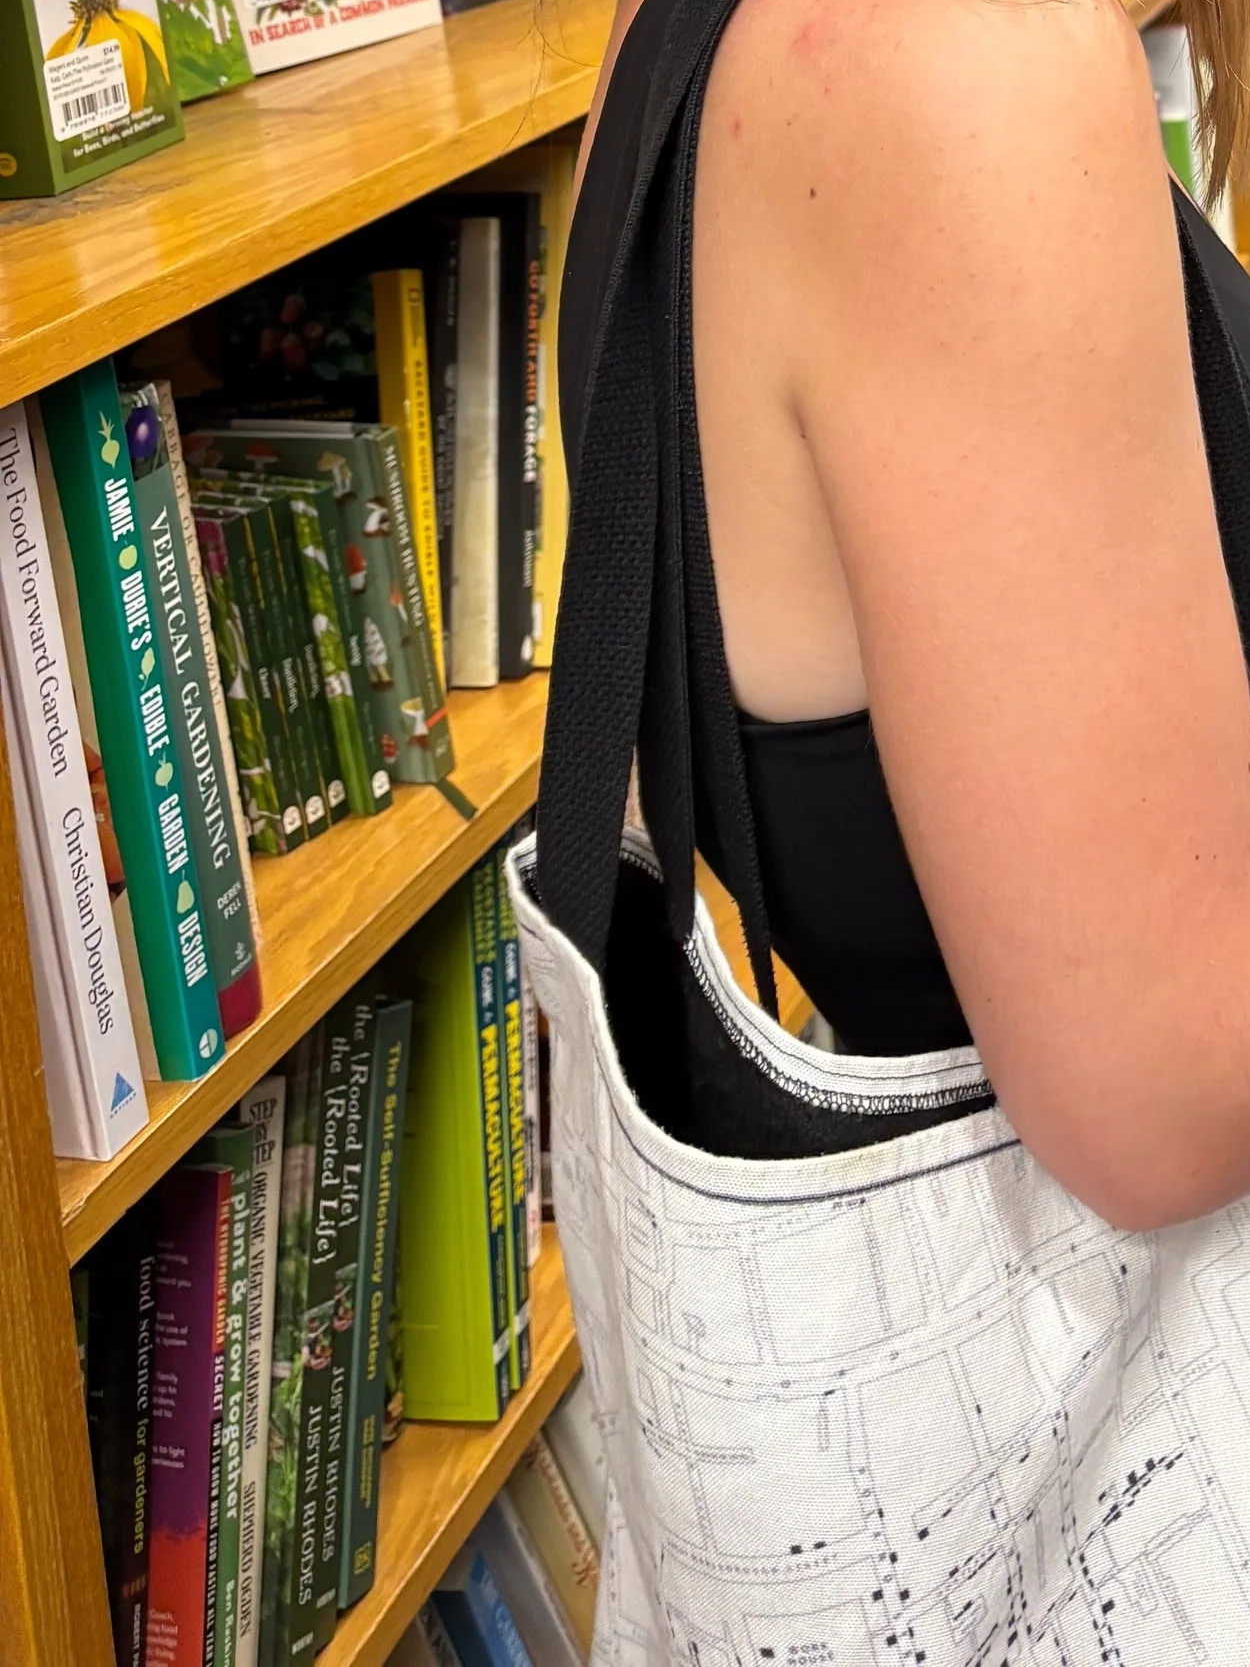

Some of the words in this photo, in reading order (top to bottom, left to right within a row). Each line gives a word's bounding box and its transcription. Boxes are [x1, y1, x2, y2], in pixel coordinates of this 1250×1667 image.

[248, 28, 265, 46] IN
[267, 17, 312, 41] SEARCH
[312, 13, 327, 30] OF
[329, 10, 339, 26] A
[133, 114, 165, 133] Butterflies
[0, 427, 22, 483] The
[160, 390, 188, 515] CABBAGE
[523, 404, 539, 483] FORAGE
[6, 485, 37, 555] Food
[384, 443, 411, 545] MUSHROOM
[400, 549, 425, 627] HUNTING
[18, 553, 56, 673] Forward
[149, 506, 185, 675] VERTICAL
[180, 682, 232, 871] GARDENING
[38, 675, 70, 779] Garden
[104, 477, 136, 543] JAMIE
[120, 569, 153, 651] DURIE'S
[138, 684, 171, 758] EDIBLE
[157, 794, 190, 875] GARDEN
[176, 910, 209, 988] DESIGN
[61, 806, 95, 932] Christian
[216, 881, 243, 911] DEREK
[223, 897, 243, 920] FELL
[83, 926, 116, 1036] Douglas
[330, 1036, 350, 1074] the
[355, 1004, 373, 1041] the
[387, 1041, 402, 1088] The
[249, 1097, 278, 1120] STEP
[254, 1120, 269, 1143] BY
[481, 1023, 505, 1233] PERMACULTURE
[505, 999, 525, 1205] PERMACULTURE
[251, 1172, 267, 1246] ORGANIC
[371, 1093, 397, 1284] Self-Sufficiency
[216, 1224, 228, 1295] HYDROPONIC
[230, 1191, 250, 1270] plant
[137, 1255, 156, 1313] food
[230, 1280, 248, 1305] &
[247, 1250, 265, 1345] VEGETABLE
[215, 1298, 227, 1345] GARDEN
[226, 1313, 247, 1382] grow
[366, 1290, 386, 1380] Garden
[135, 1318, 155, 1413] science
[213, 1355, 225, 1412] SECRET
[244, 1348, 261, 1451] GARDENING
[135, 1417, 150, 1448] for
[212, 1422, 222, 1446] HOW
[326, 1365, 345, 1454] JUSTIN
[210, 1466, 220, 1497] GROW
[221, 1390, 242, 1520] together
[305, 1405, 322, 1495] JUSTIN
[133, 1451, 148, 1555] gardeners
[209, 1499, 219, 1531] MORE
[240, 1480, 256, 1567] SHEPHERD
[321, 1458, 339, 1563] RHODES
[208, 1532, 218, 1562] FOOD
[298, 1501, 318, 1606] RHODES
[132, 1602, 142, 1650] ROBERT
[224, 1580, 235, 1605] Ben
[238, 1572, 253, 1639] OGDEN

> [WHAT YOU WILL DO] Return all lines of the material above in which "JUSTIN" occurs.

> [THE ANSWER]
[326, 1365, 345, 1454] JUSTIN
[305, 1405, 322, 1495] JUSTIN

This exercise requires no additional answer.